* Provided material *
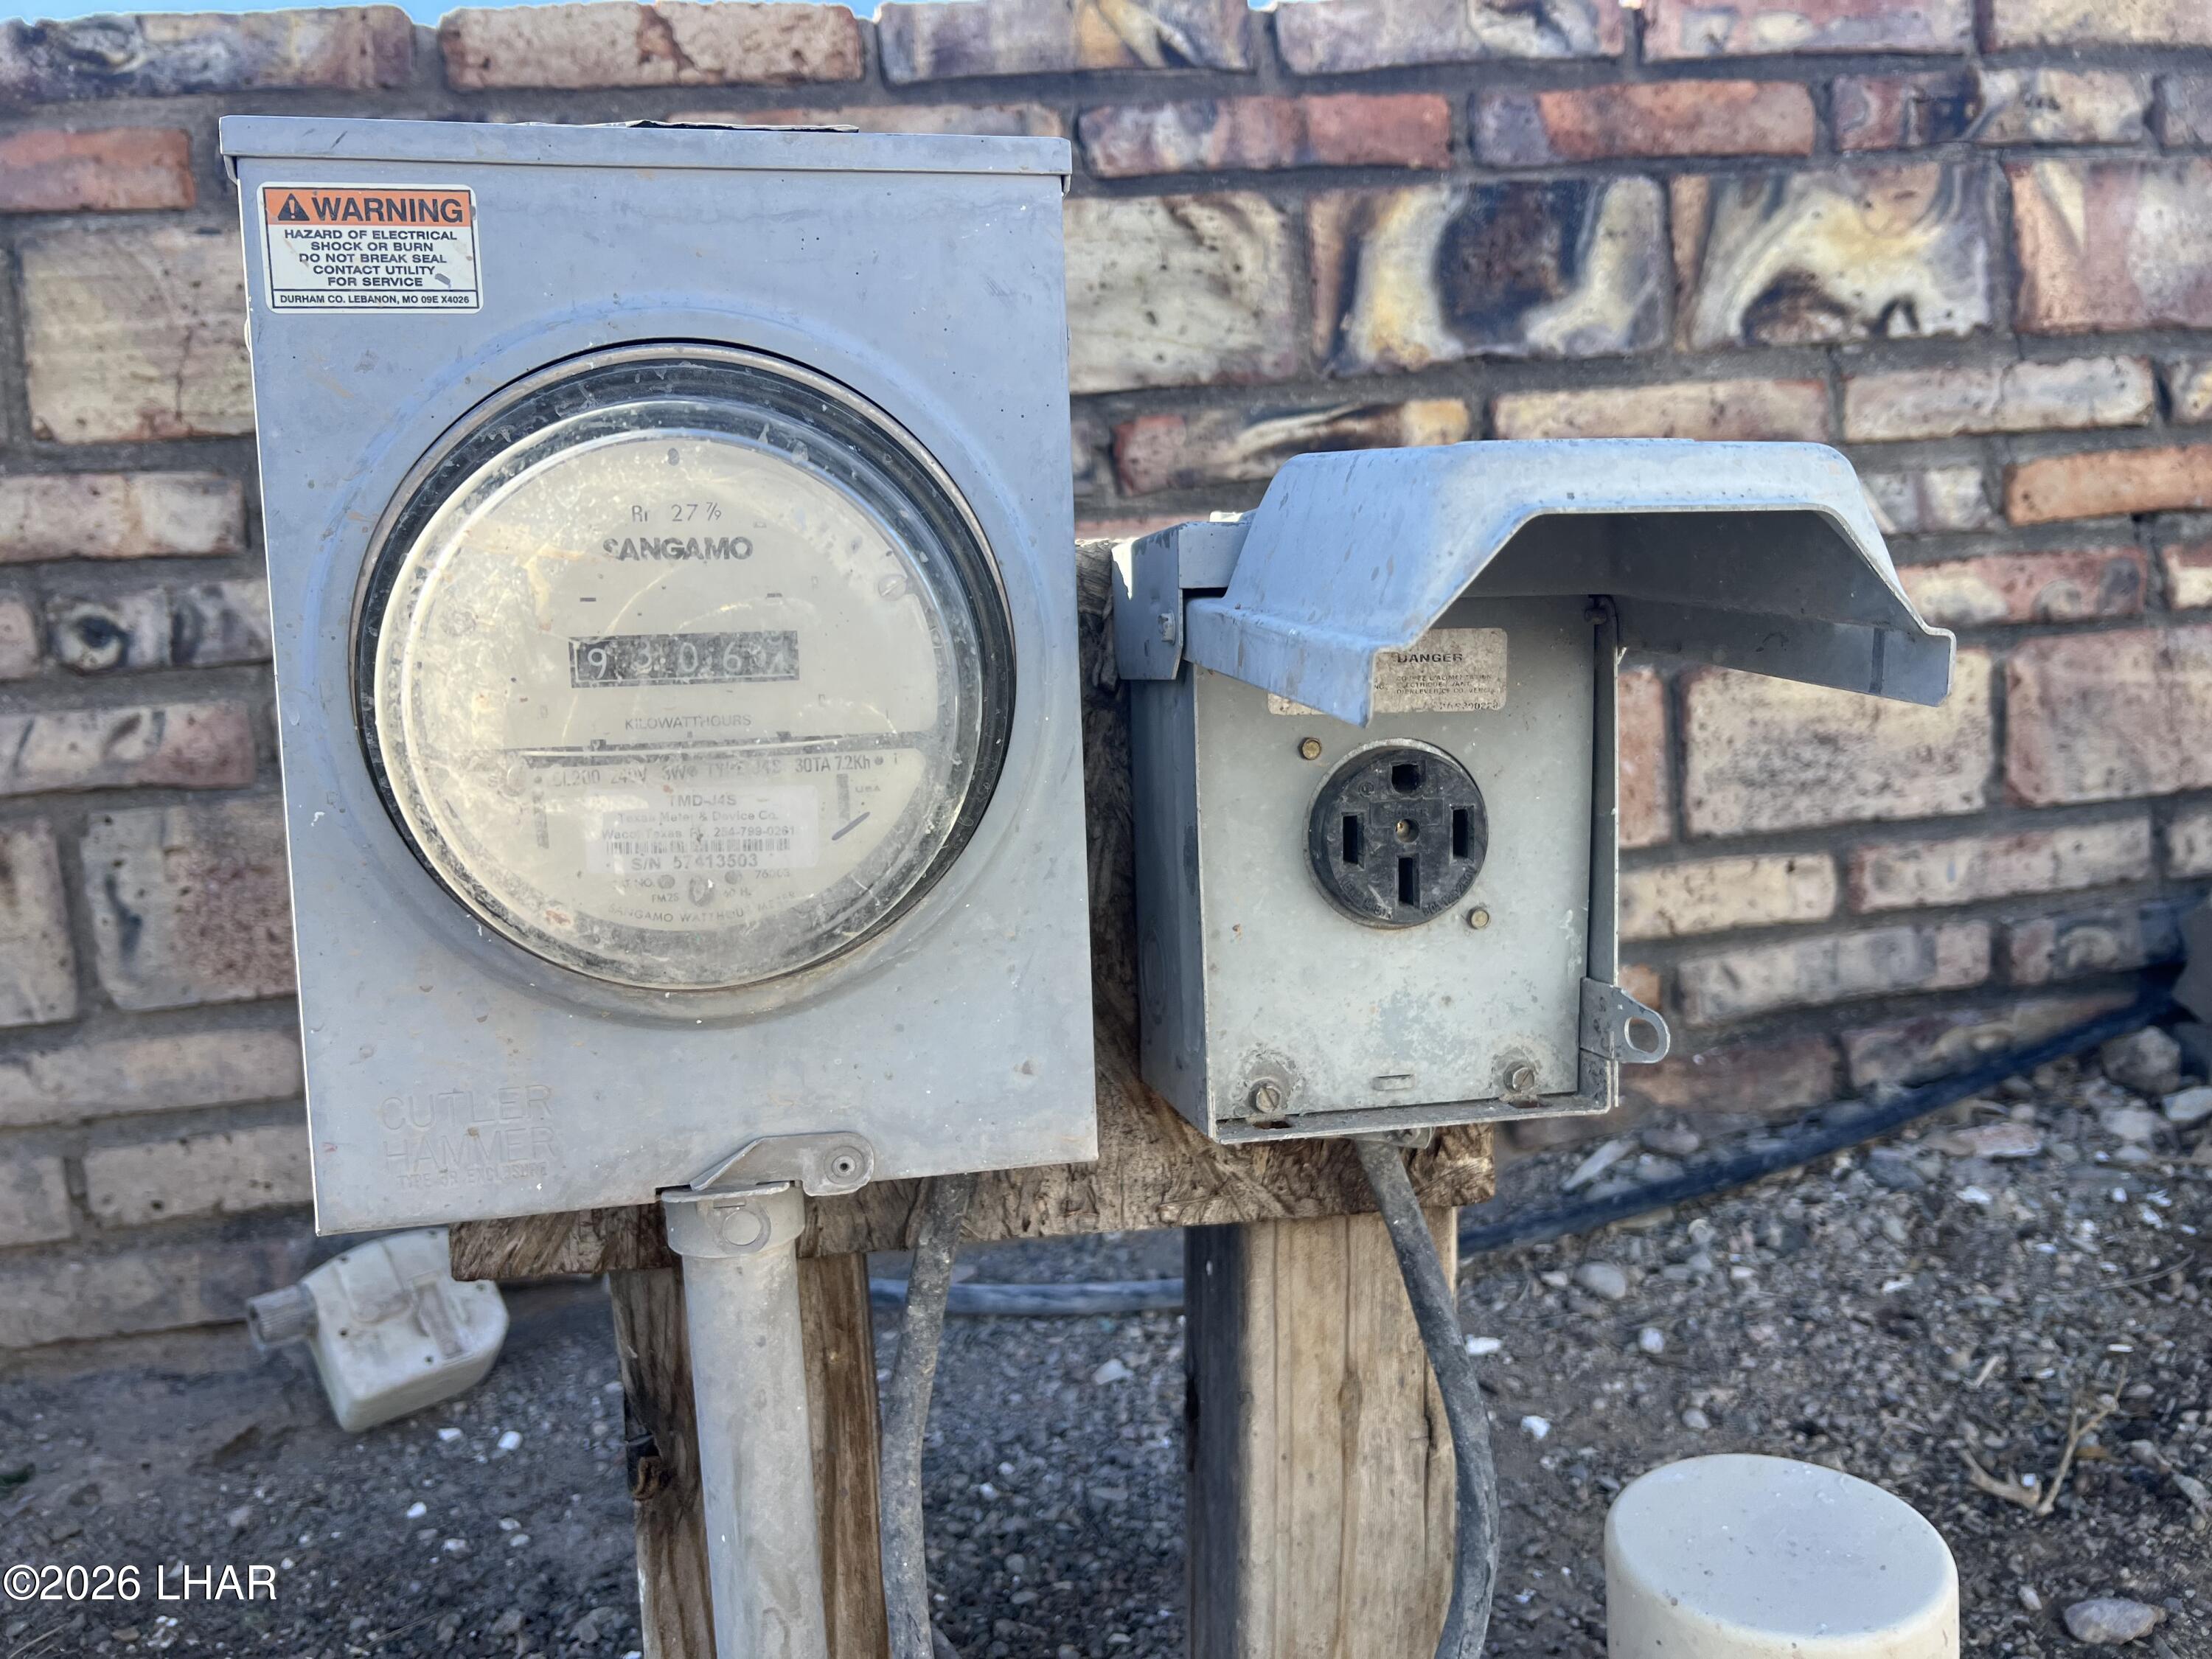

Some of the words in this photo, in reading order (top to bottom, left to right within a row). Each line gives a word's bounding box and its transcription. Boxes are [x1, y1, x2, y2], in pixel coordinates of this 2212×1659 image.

[311, 196, 464, 223] WARNING
[284, 229, 343, 240] HAZARD
[347, 230, 367, 240] OF
[372, 231, 457, 240] ELECTRICAL
[310, 241, 363, 251] SHOCK
[366, 242, 388, 251] OR
[393, 243, 434, 252] BURN
[299, 253, 320, 263] DO
[325, 253, 355, 263] NOT
[360, 254, 408, 263] BREAK
[412, 254, 447, 264] SEAL
[313, 265, 380, 275] CONTACT
[386, 265, 435, 275] UTILITY
[327, 277, 357, 287] FOR
[362, 277, 423, 287] SERVICE
[279, 294, 325, 304] DURHAM
[327, 295, 346, 304] CO.
[348, 295, 400, 305] LEBANON,
[402, 296, 418, 305] MO
[420, 296, 439, 305] 09E
[441, 296, 470, 305] X4026
[670, 504, 699, 522] 27
[602, 536, 754, 561] SANGAMO
[1397, 653, 1463, 663] DANGER
[625, 714, 752, 731] KILOWATTHOURS
[631, 856, 662, 871] S/N
[381, 1084, 552, 1130] CUTLER
[382, 1126, 556, 1172] HAMMER
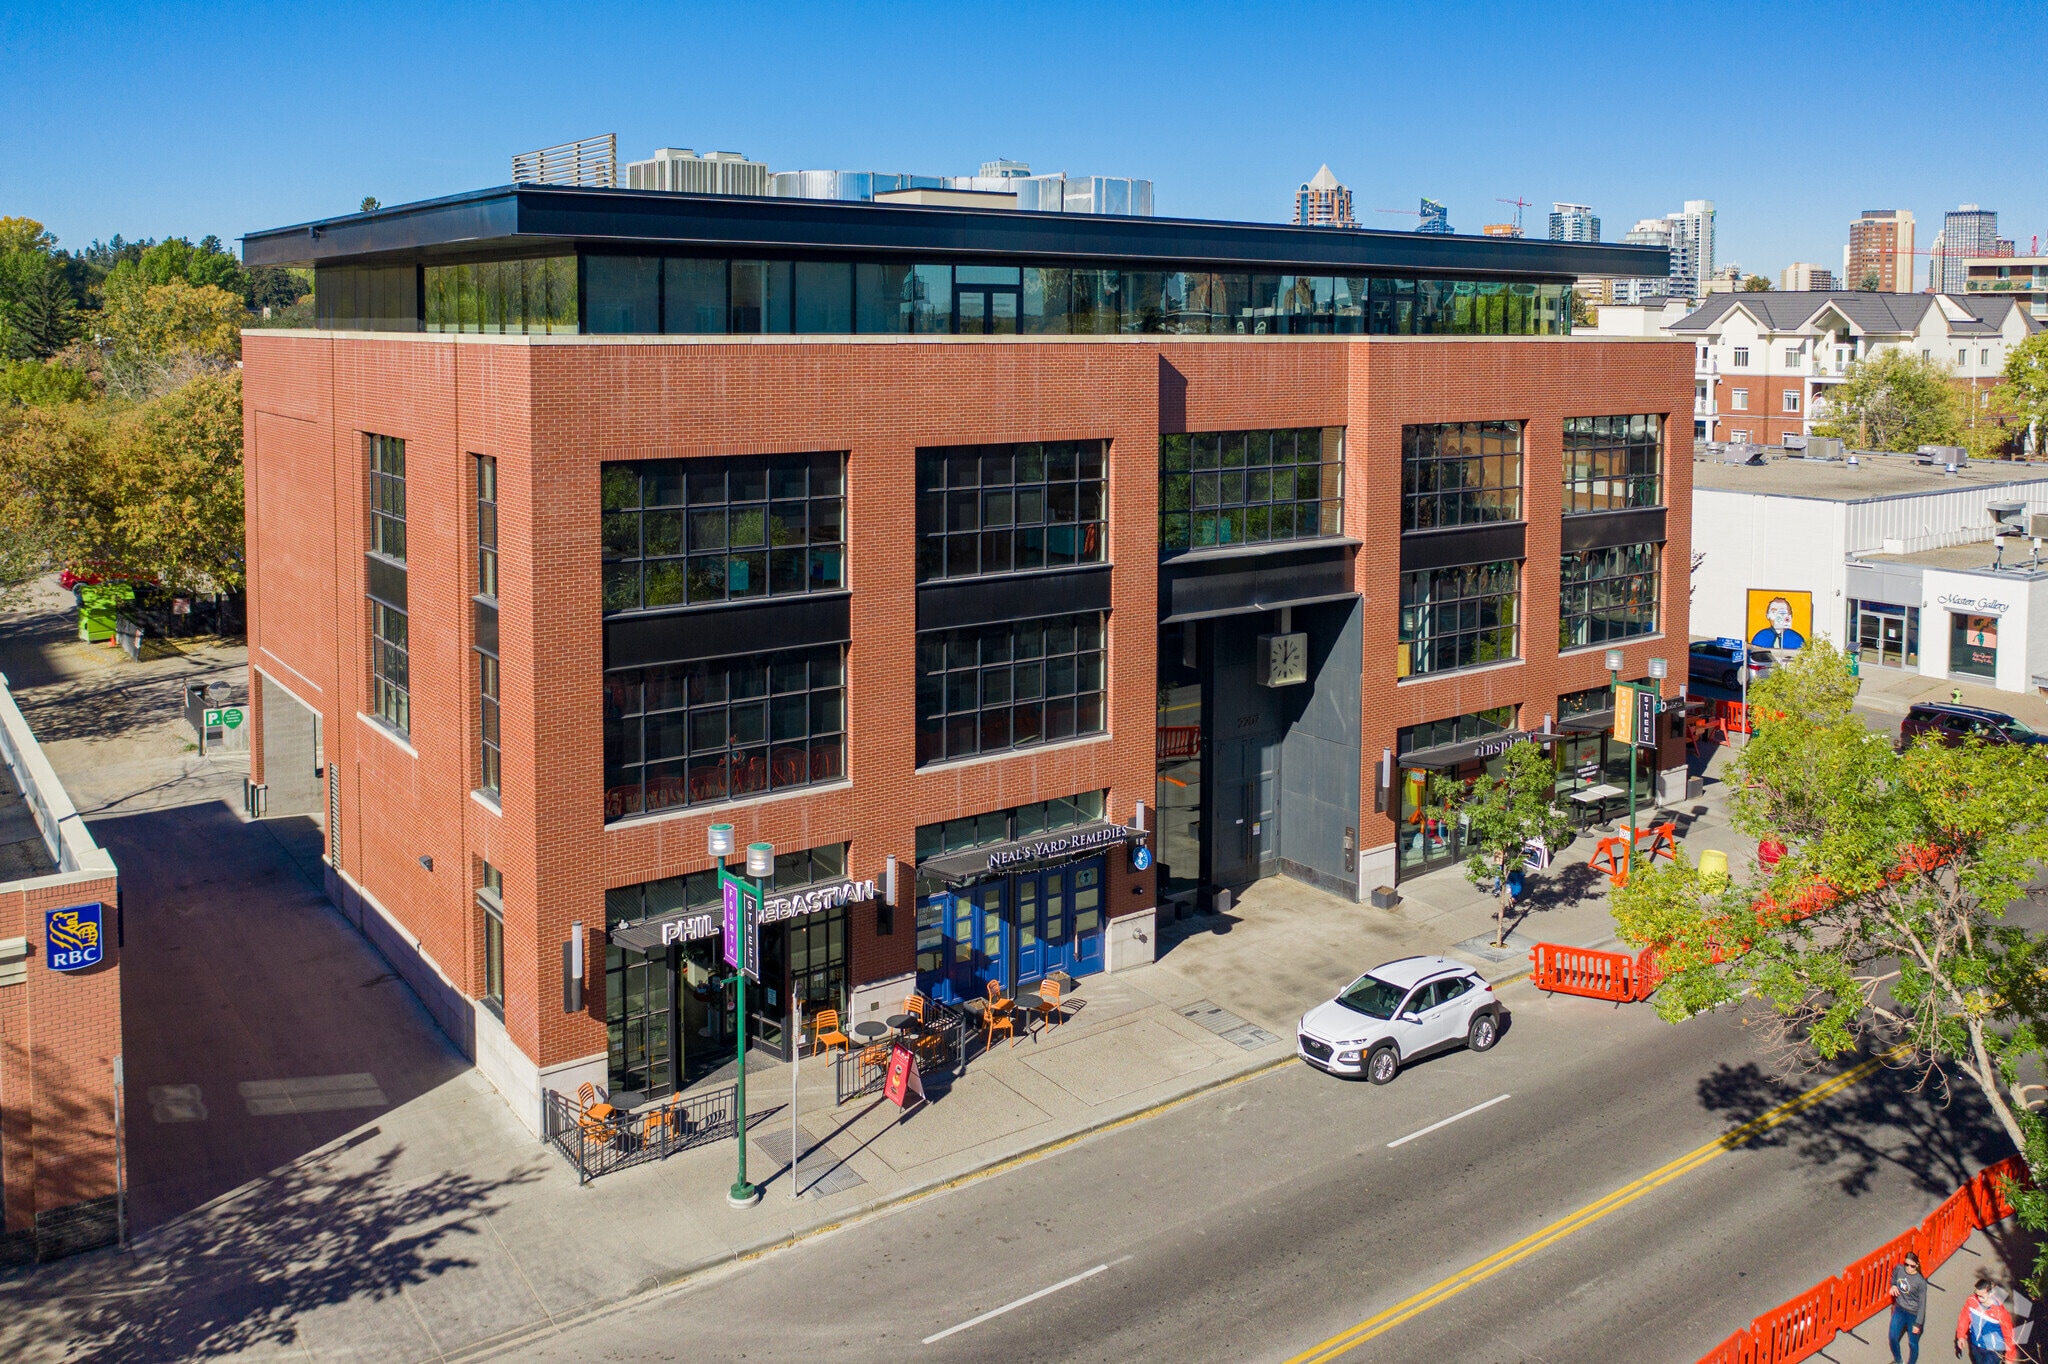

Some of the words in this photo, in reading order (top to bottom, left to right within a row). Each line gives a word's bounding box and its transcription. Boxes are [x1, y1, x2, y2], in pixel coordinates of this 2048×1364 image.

[1937, 593, 1976, 606] Masters
[1975, 598, 2010, 612] Gallery
[208, 713, 219, 725] P
[1035, 839, 1067, 856] YARD
[1071, 826, 1127, 848] REMEDIES
[661, 914, 719, 946] PHIL
[757, 880, 875, 925] EBASTIAN
[53, 947, 98, 967] RBC

* Problem requirements *
The result should be the listing above, restated exactly, with no pictures in it.

* Your response *
Some of the words in this photo, in reading order (top to bottom, left to right within a row). Each line gives a word's bounding box and its transcription. Boxes are [x1, y1, x2, y2], in pixel coordinates of this 2212×1659 image.

[311, 196, 464, 223] WARNING
[284, 229, 343, 240] HAZARD
[347, 230, 367, 240] OF
[372, 231, 457, 240] ELECTRICAL
[310, 241, 363, 251] SHOCK
[366, 242, 388, 251] OR
[393, 243, 434, 252] BURN
[299, 253, 320, 263] DO
[325, 253, 355, 263] NOT
[360, 254, 408, 263] BREAK
[412, 254, 447, 264] SEAL
[313, 265, 380, 275] CONTACT
[386, 265, 435, 275] UTILITY
[327, 277, 357, 287] FOR
[362, 277, 423, 287] SERVICE
[279, 294, 325, 304] DURHAM
[327, 295, 346, 304] CO.
[348, 295, 400, 305] LEBANON,
[402, 296, 418, 305] MO
[420, 296, 439, 305] 09E
[441, 296, 470, 305] X4026
[670, 504, 699, 522] 27
[602, 536, 754, 561] SANGAMO
[1397, 653, 1463, 663] DANGER
[625, 714, 752, 731] KILOWATTHOURS
[631, 856, 662, 871] S/N
[381, 1084, 552, 1130] CUTLER
[382, 1126, 556, 1172] HAMMER

Some of the words in this photo, in reading order (top to bottom, left to right within a row). Each line gives a word's bounding box and its transcription. Boxes are [x1, y1, x2, y2], in pixel coordinates of this 2048×1364 image.

[1937, 593, 1976, 606] Masters
[1975, 598, 2010, 612] Gallery
[208, 713, 219, 725] P
[1035, 839, 1067, 856] YARD
[1071, 826, 1127, 848] REMEDIES
[661, 914, 719, 946] PHIL
[757, 880, 875, 925] EBASTIAN
[53, 947, 98, 967] RBC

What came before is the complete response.